Die kulturellen Unterschiede waren, dass der Bräutigam von seinem Vater zum Altar geführt wurde und dabei von sechs tanzenden Mädchen und den fahnenschwingenden „WUHUHU“-Frauen begleitet wurde. Die Mutter saß mit dem Vater hinter dem Bräutigam. Die Braut wurde auch von den Mädchen und den Frauen herein begleitet, aber nur bis zur Hälfte der Kirche und musste dort Platz nehmen. Erst nach der halben Zeremonie kam sie nach vorne und nahm neben ihrem zukünftigen Gatten Platz.
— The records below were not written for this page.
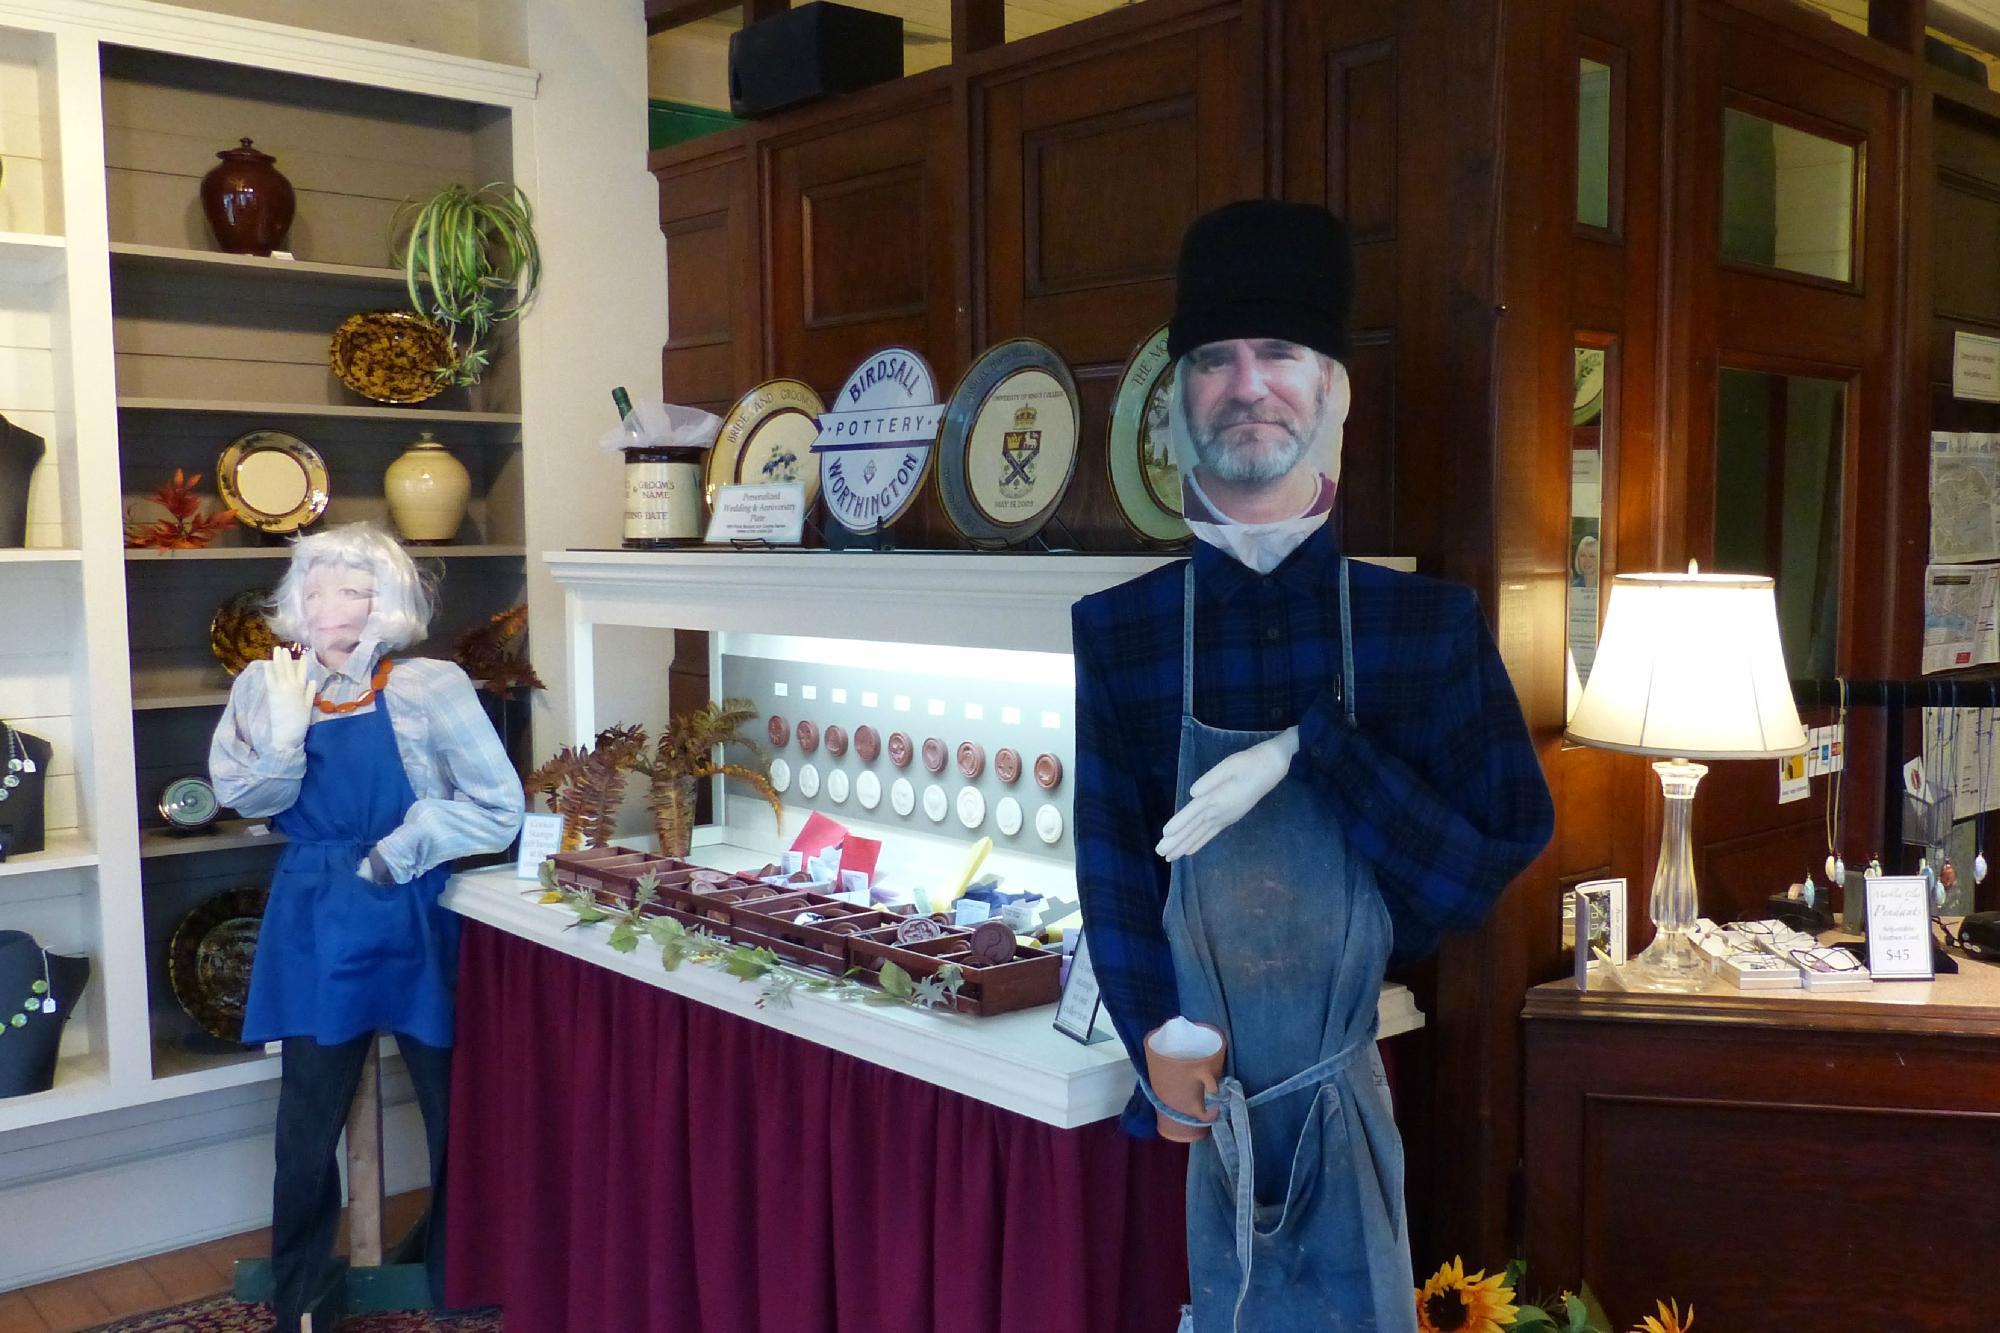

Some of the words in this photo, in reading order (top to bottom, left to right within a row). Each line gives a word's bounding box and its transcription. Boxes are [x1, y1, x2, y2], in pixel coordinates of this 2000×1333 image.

[849, 357, 920, 405] BIRDSALL
[1131, 358, 1153, 387] THE
[726, 413, 750, 444] BRIDE
[752, 392, 774, 413] AND
[836, 415, 925, 437] POTTERY
[828, 451, 919, 520] WORTHINGTON
[642, 491, 671, 499] NAME
[743, 491, 781, 502] Personalized
[645, 511, 669, 520] DATE
[724, 503, 752, 514] Wedding
[759, 502, 796, 513] Anniversary
[1886, 949, 1910, 961] $45
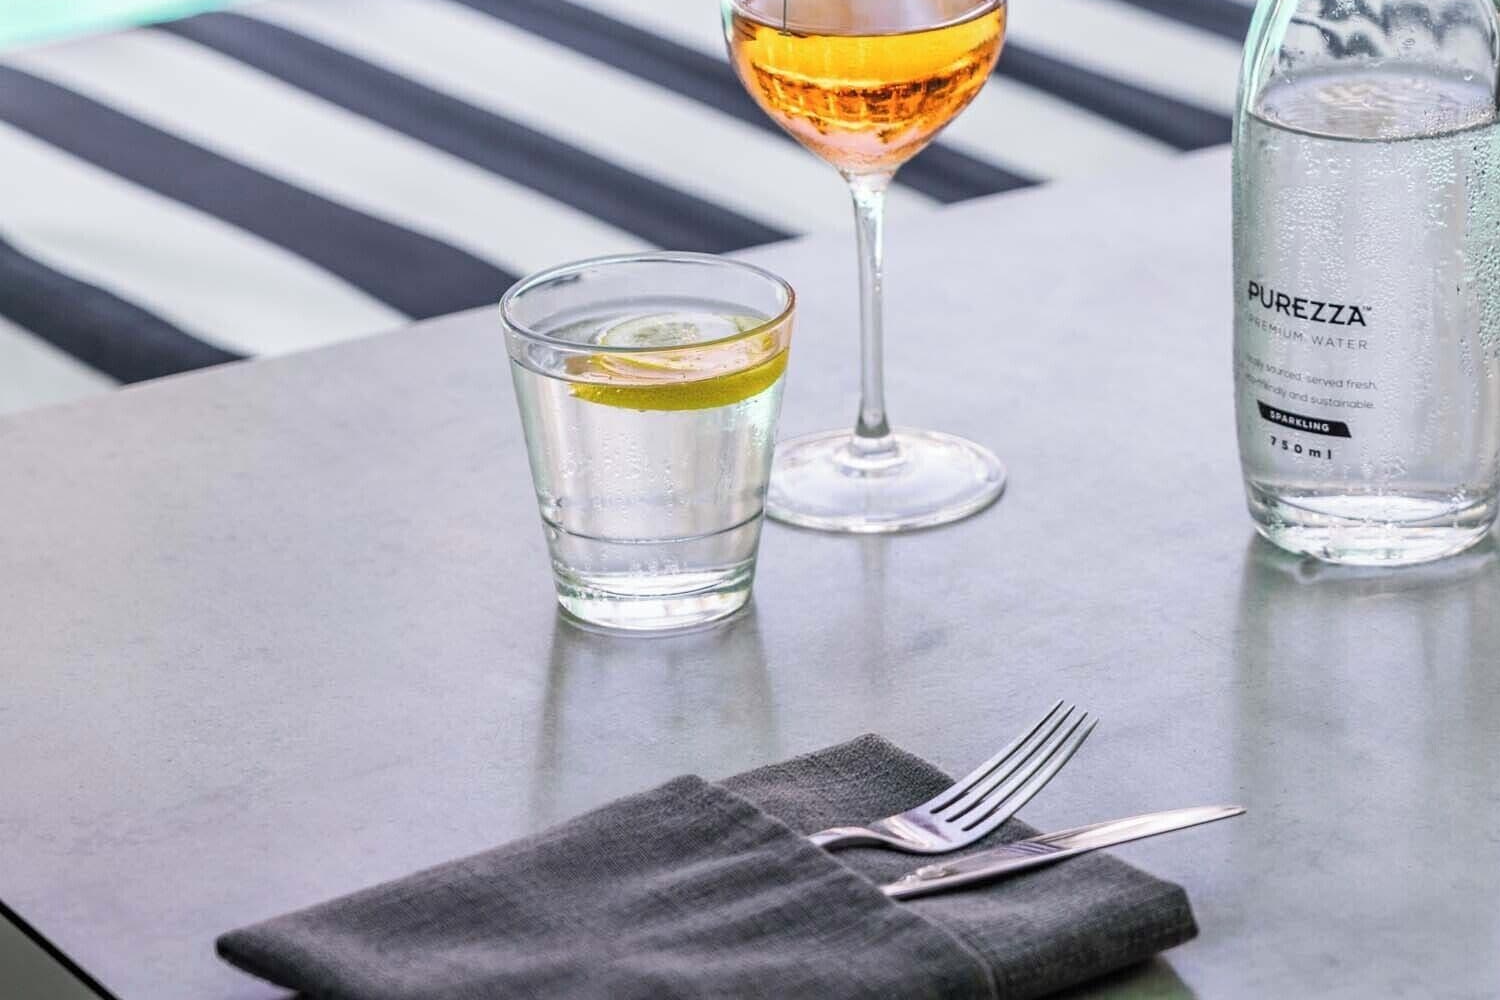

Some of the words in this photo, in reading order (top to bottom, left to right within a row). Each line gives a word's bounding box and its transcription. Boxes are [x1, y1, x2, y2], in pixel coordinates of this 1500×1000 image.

[1248, 313, 1303, 342] PREMIUM
[1311, 335, 1368, 350] WATER
[1306, 375, 1343, 388] served
[1288, 391, 1308, 403] and
[1270, 410, 1329, 432] SPARKLING
[1270, 435, 1332, 460] 750ml
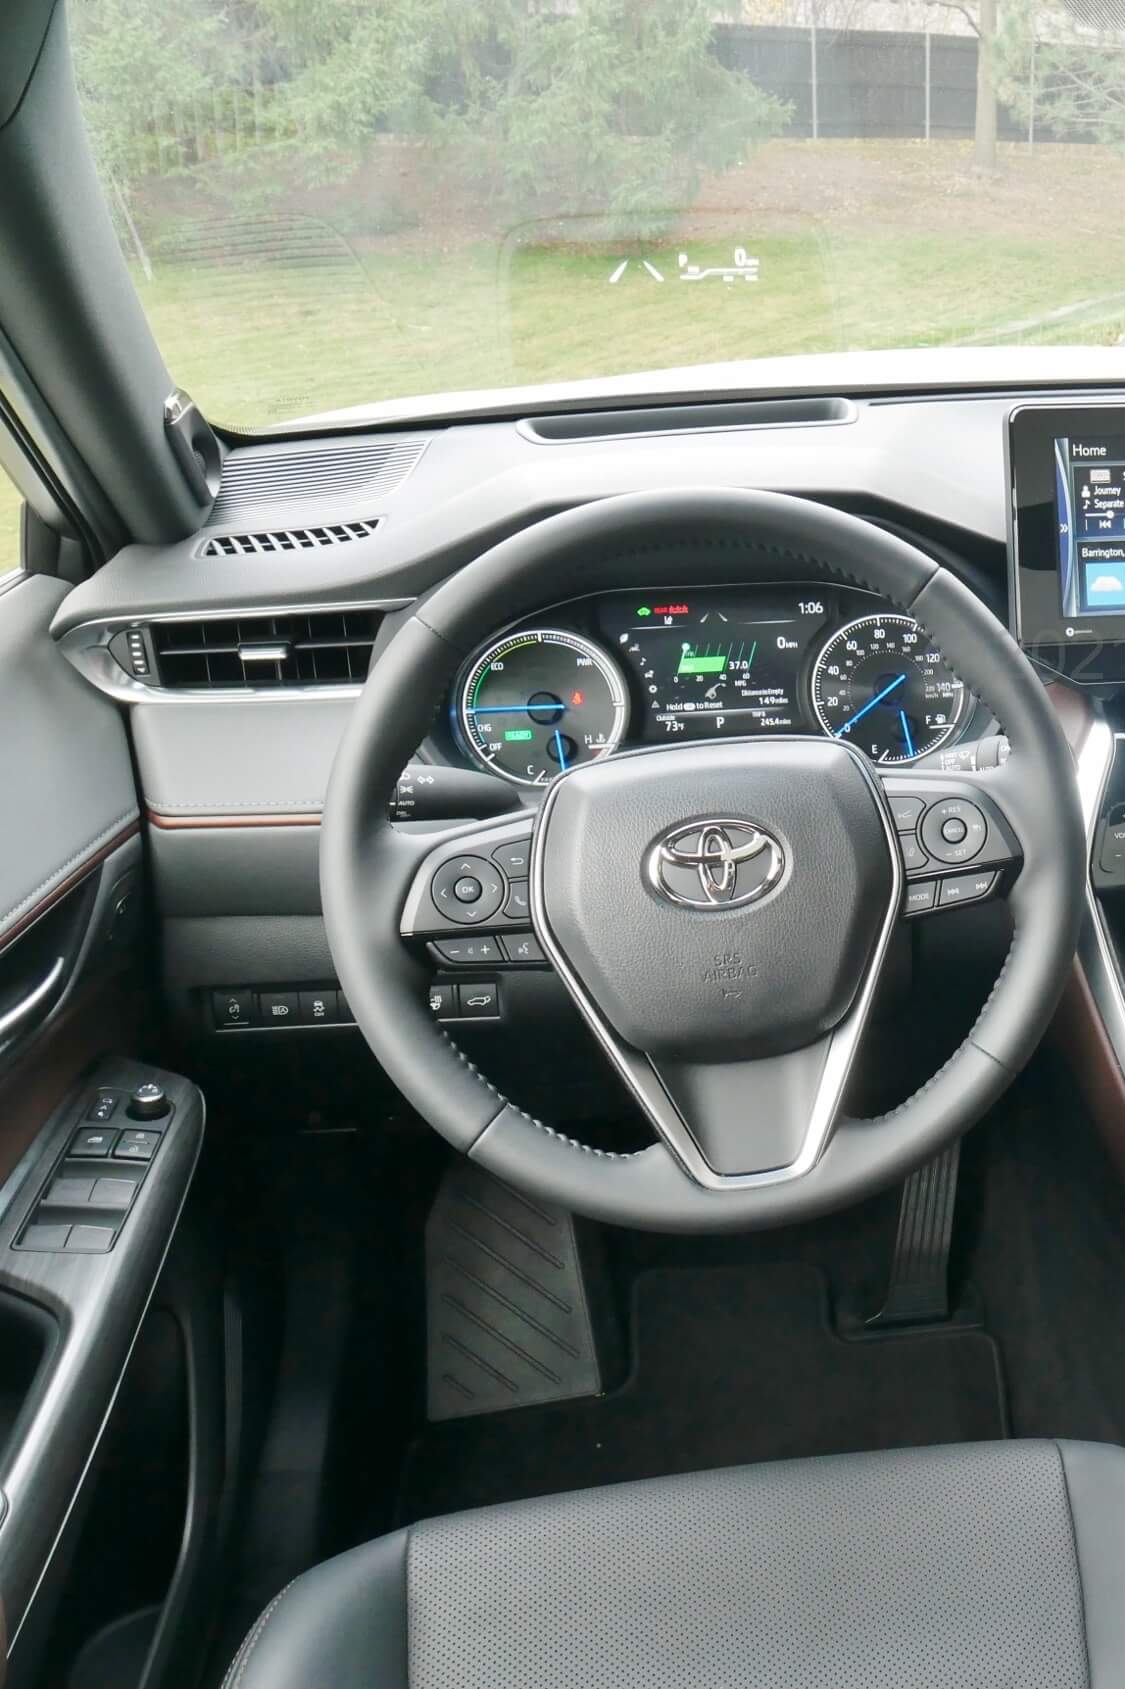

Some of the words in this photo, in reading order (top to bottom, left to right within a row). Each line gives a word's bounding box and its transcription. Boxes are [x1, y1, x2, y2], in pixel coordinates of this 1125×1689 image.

[1072, 444, 1107, 456] Home
[1093, 486, 1121, 496] Journey
[1094, 499, 1123, 509] Separate
[1081, 547, 1125, 558] Barrington,
[798, 601, 824, 615] 1:06
[874, 629, 885, 639] 80
[902, 633, 918, 643] 100
[846, 640, 857, 651] 60
[577, 658, 593, 666] PWR
[925, 653, 940, 663] 120
[490, 663, 504, 671] ECO
[729, 661, 748, 670] 37.0
[827, 666, 839, 675] 40
[936, 682, 951, 692] 140
[827, 697, 838, 706] 20
[716, 717, 725, 728] P
[926, 715, 932, 724] F
[477, 724, 492, 732] CHG
[585, 735, 593, 744] H
[489, 743, 502, 751] OFF
[872, 745, 878, 754] E
[527, 765, 535, 775] C
[462, 885, 474, 893] OK
[714, 953, 742, 967] SRS
[704, 965, 759, 983] AIRBAG
Nachdem das Ja-Wort gesagt wurde, haben die beiden sich sehr aufgeregt und schwunghaft umarmt. In der Öffentlichkeit küsst man sich in Uganda nicht, auch nicht bei seiner Hochzeit. Der Hochzeitskuchen wurde von beiden zusammen angeschnitten, dann nahm der Bräutigam auf einem Stuhl Platz und die Braut kniete vor ihm und fütterte ihn. Dann kniete er sich vor seine Braut und reichte ihr auch ein Stück Kuchen. Ein sehr ereignisreicher und ein sehr schöner, aber doch auch langer und anstrengender Tag. Und die Vorfreude auf eine traditionelle Hochzeit ist jetzt noch größer.

Enayu Erc und der gezogene Zahn

Um euch die Kinder der Truusanne School näherzubringen, werde ich in den nächsten Briefen immer einen oder zwei Schüler vorstellen.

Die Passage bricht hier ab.